◆ **SUPPLIED DATA**:
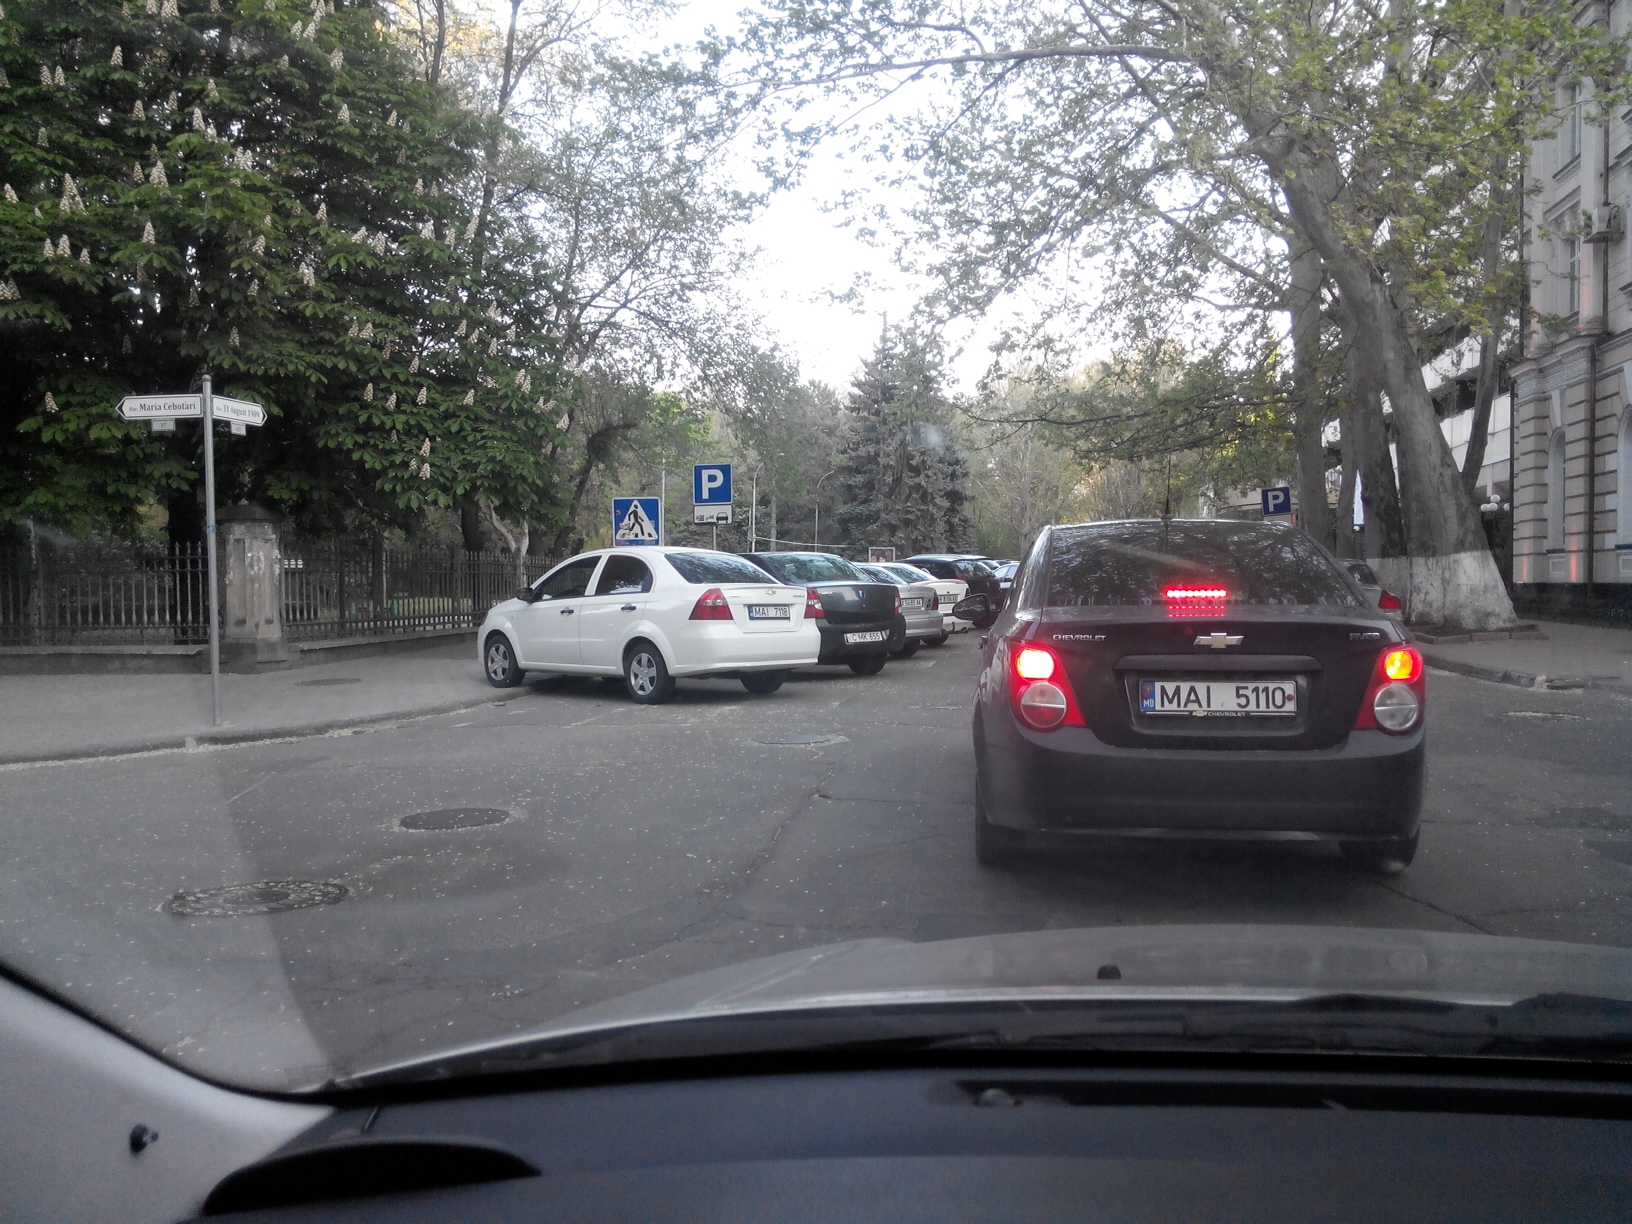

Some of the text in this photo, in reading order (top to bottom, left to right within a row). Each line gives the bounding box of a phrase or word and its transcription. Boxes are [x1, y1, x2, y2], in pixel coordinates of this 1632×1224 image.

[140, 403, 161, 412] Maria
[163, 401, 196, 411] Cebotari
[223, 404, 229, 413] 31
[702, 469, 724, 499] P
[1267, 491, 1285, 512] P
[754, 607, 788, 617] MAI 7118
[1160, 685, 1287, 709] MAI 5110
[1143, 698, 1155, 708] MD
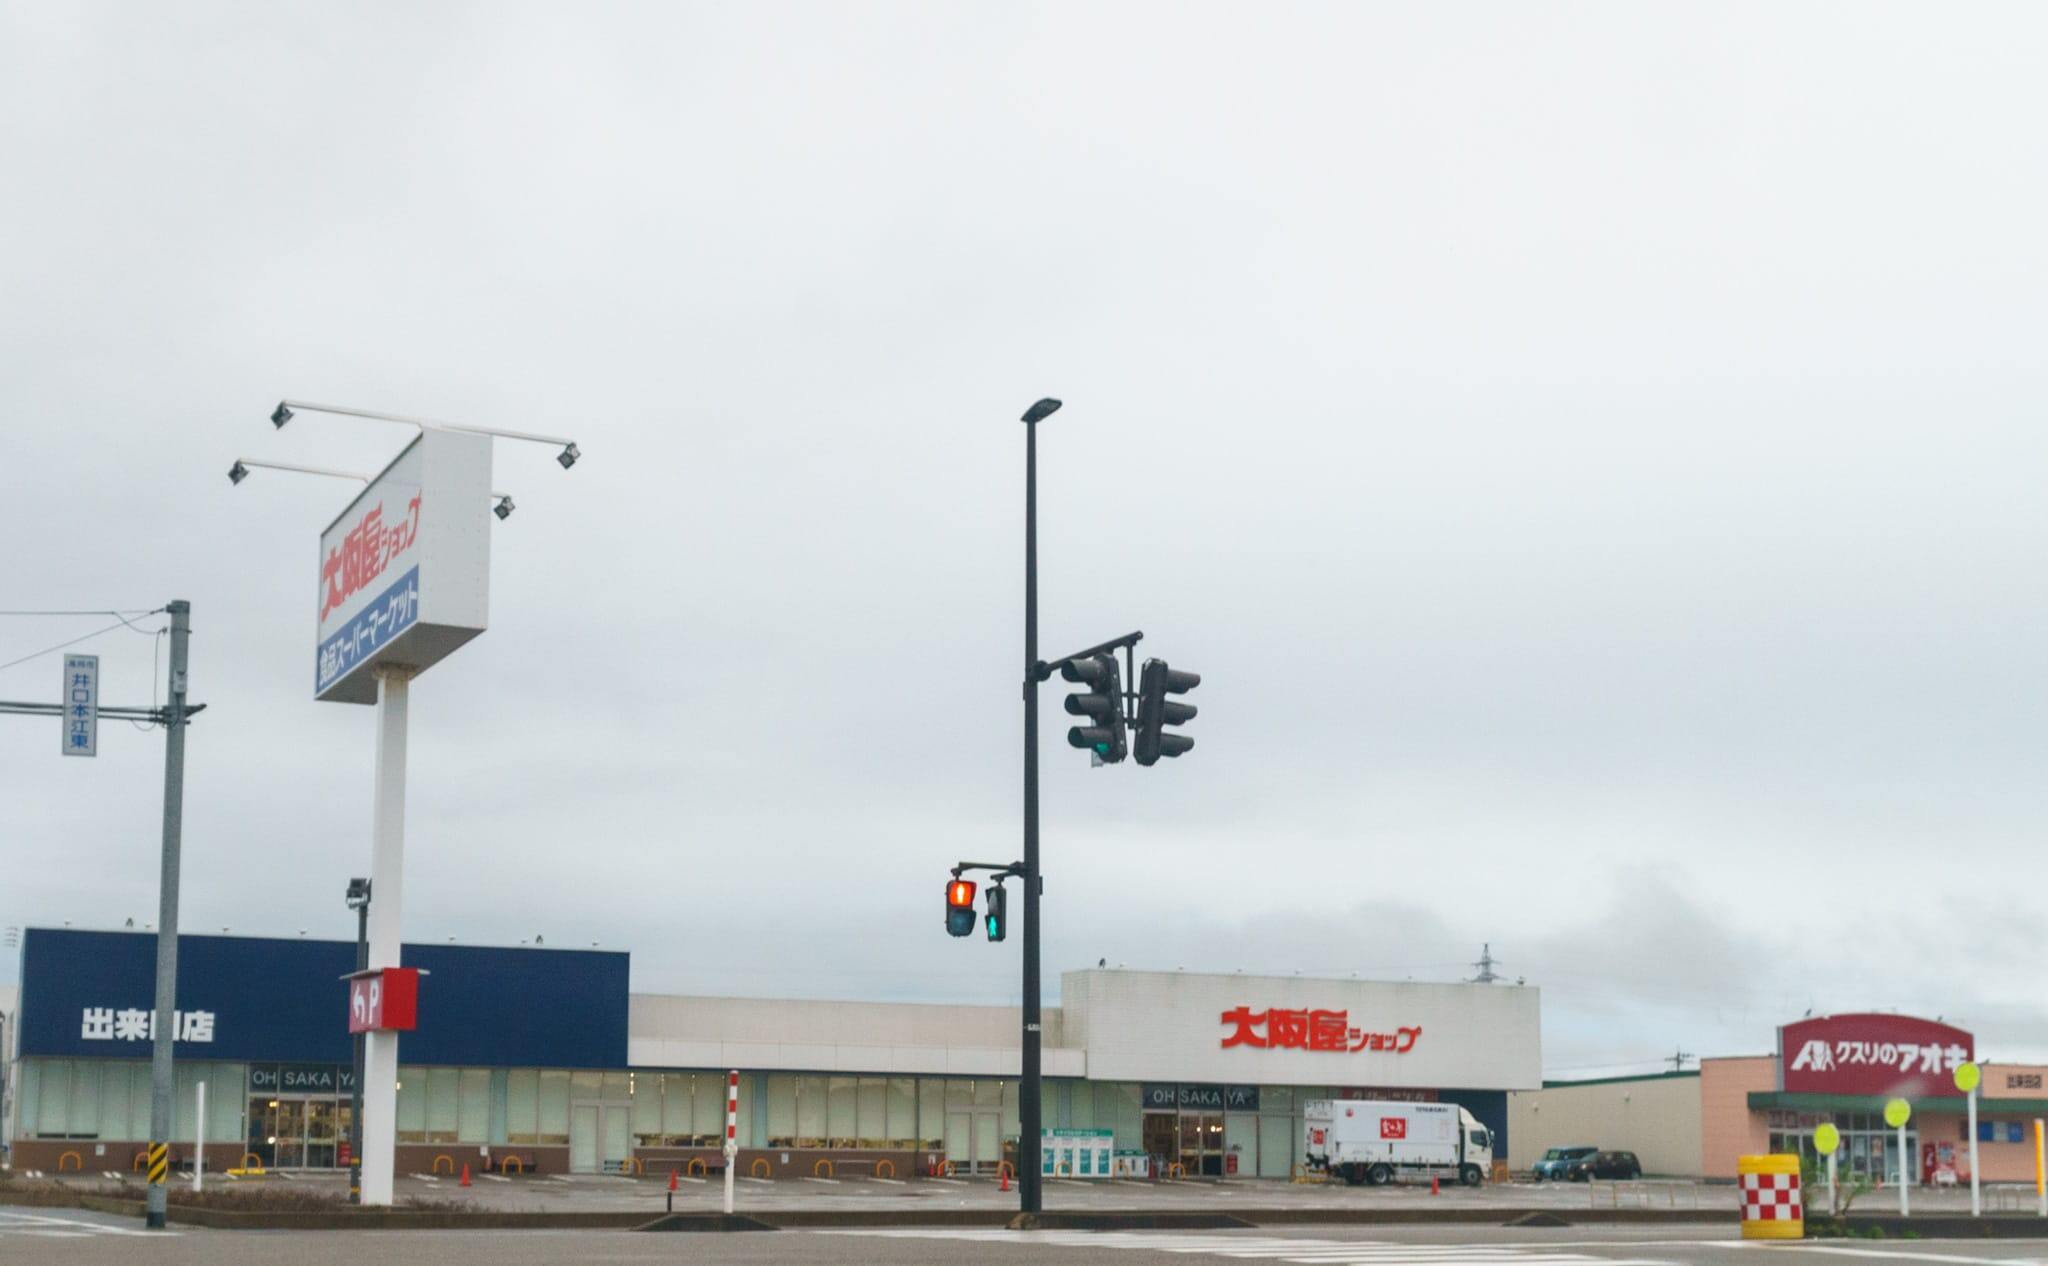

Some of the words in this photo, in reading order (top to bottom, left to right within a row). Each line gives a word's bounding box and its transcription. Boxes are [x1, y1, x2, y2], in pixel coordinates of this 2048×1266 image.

---

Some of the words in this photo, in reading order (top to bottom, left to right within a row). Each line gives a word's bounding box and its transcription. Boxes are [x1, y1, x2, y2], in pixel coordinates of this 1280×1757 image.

---

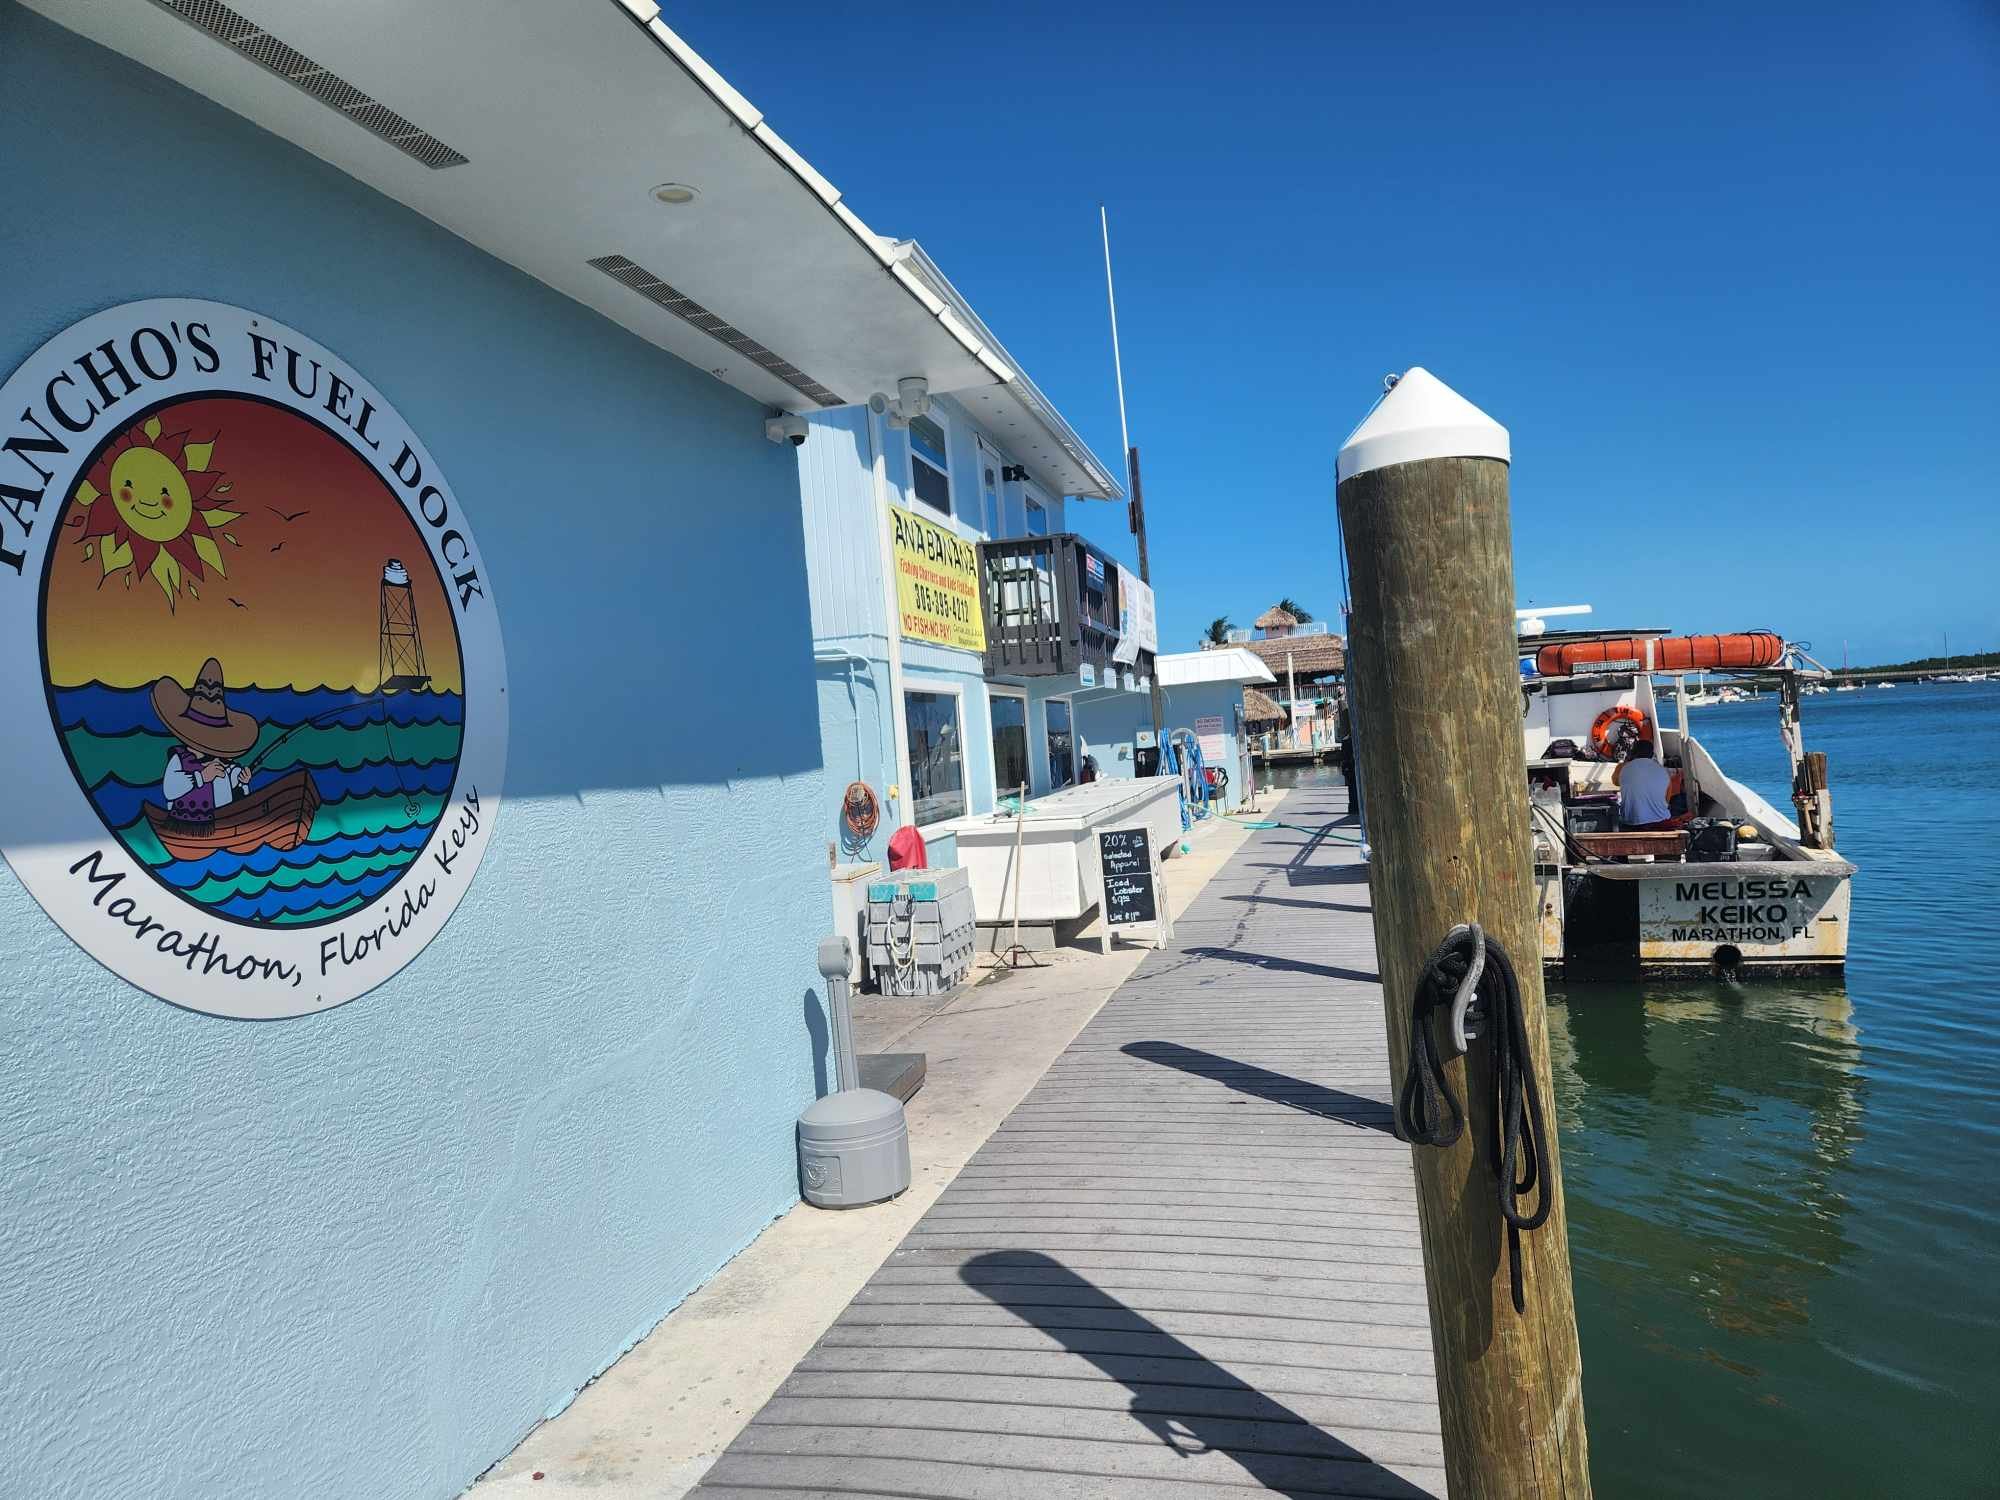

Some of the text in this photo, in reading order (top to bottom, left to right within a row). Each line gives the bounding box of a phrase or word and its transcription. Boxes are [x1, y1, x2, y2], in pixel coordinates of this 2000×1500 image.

◆ **YOUR OBJECTIVE**: From the entries above, collect every line with the string "words" in it.

◆ **SOLUTION FOR THIS PROBLEM**:
Some of the words in this photo, in reading order (top to bottom, left to right within a row). Each line gives a word's bounding box and its transcription. Boxes are [x1, y1, x2, y2], in pixel coordinates of this 2048×1266 image.
Some of the words in this photo, in reading order (top to bottom, left to right within a row). Each line gives a word's bounding box and its transcription. Boxes are [x1, y1, x2, y2], in pixel coordinates of this 1280×1757 image.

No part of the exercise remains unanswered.